_Saved data entries:_
========================
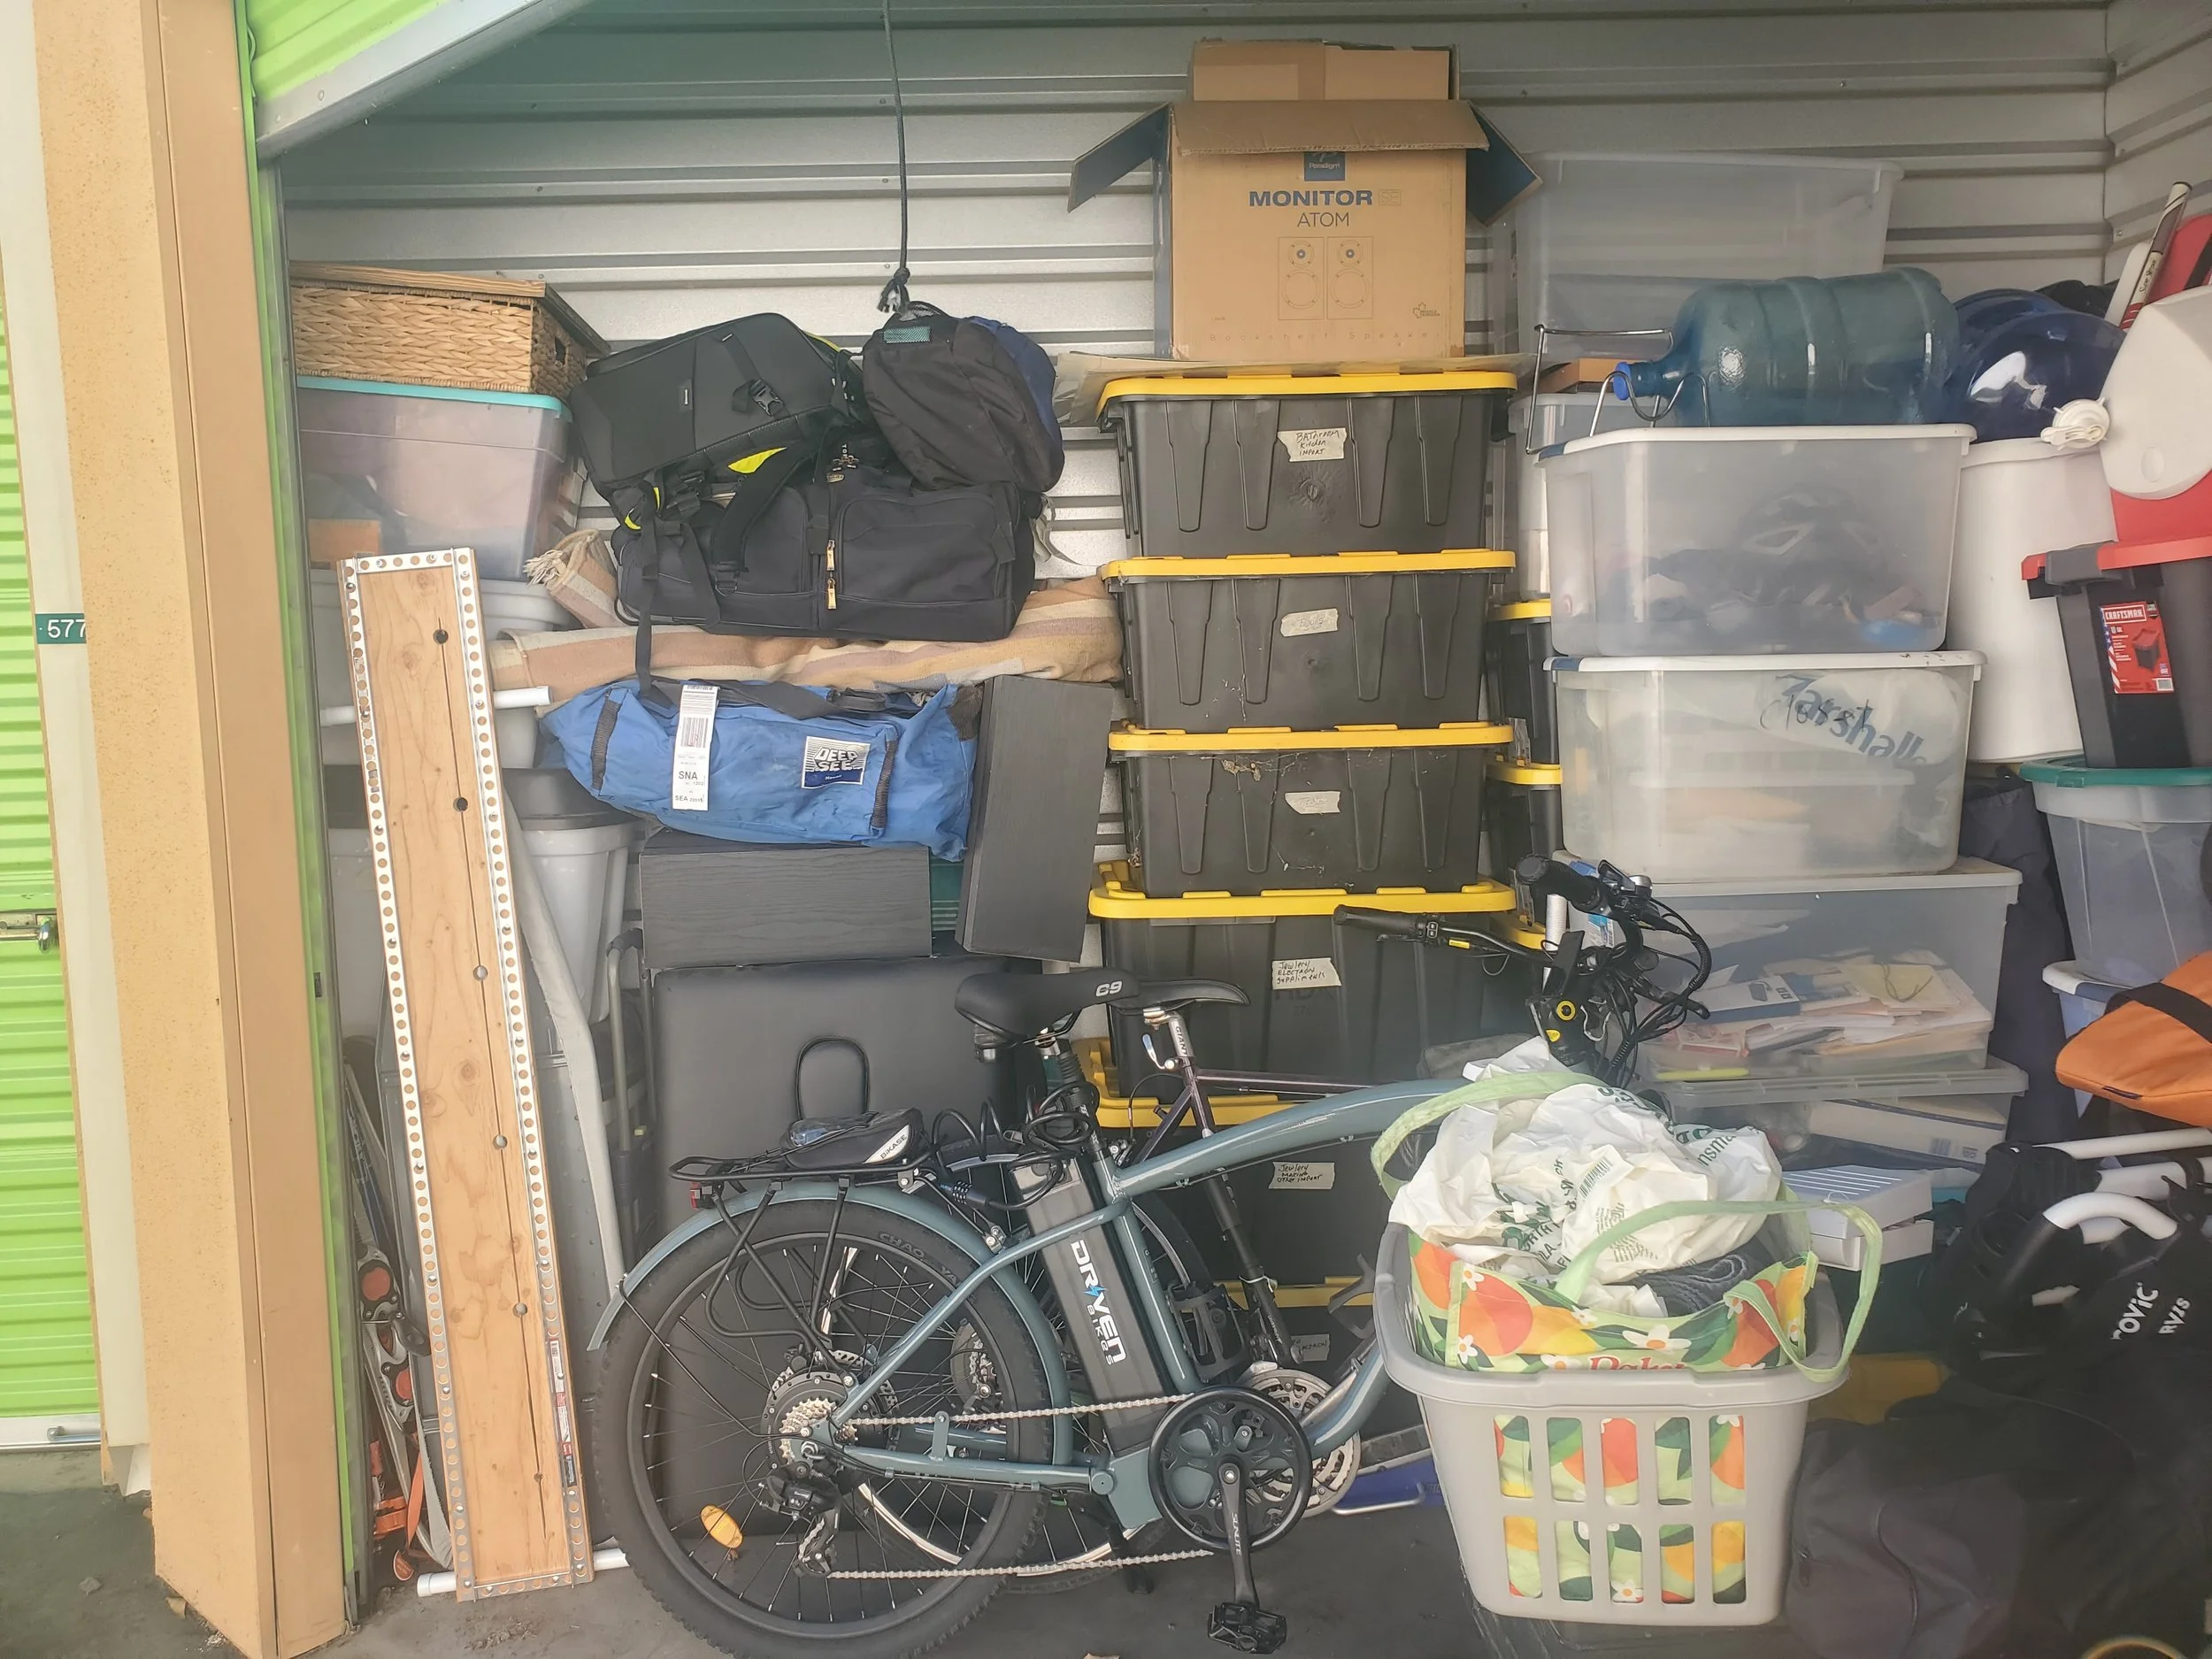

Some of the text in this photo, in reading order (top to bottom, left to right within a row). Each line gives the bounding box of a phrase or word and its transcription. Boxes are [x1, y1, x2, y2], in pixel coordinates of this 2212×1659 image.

[1249, 190, 1373, 206] MONITOR
[1297, 211, 1349, 227] ATOM
[2105, 609, 2143, 620] CRAFTSMAN
[48, 618, 86, 638] 577
[814, 747, 858, 762] DEEP
[818, 760, 853, 772] SEE
[879, 1233, 925, 1257] CHAO
[1232, 1512, 1242, 1556] SUNLITE
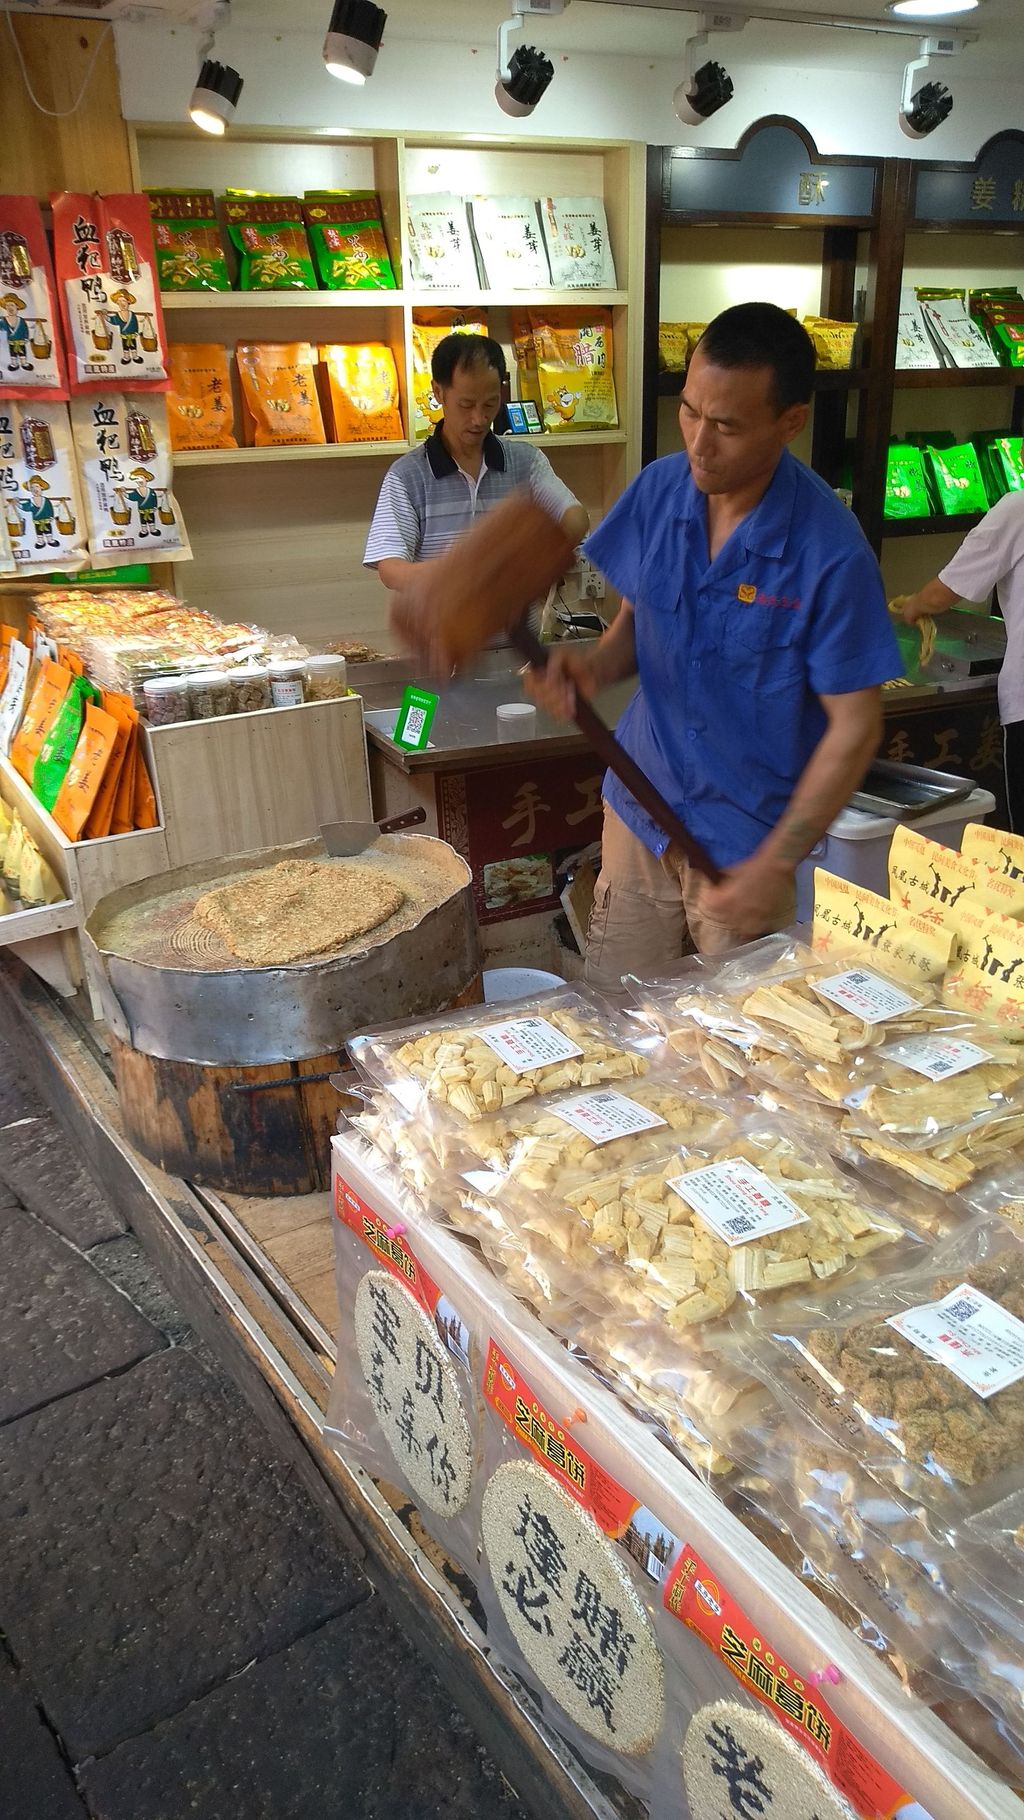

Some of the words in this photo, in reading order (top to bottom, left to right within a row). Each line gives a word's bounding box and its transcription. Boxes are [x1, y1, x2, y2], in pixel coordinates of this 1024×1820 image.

[93, 402, 124, 482] 血粑鸭
[515, 1395, 586, 1488] 芝麻葛饼
[720, 1624, 832, 1752] 芝麻葛饼
========================
_Prompt:_ Each line from the one containing "Some of the words" to the final line above should be written out exactly; please omit the others.

_Answer box:_
Some of the words in this photo, in reading order (top to bottom, left to right within a row). Each line gives a word's bounding box and its transcription. Boxes are [x1, y1, x2, y2], in pixel coordinates of this 1024×1820 image.

[93, 402, 124, 482] 血粑鸭
[515, 1395, 586, 1488] 芝麻葛饼
[720, 1624, 832, 1752] 芝麻葛饼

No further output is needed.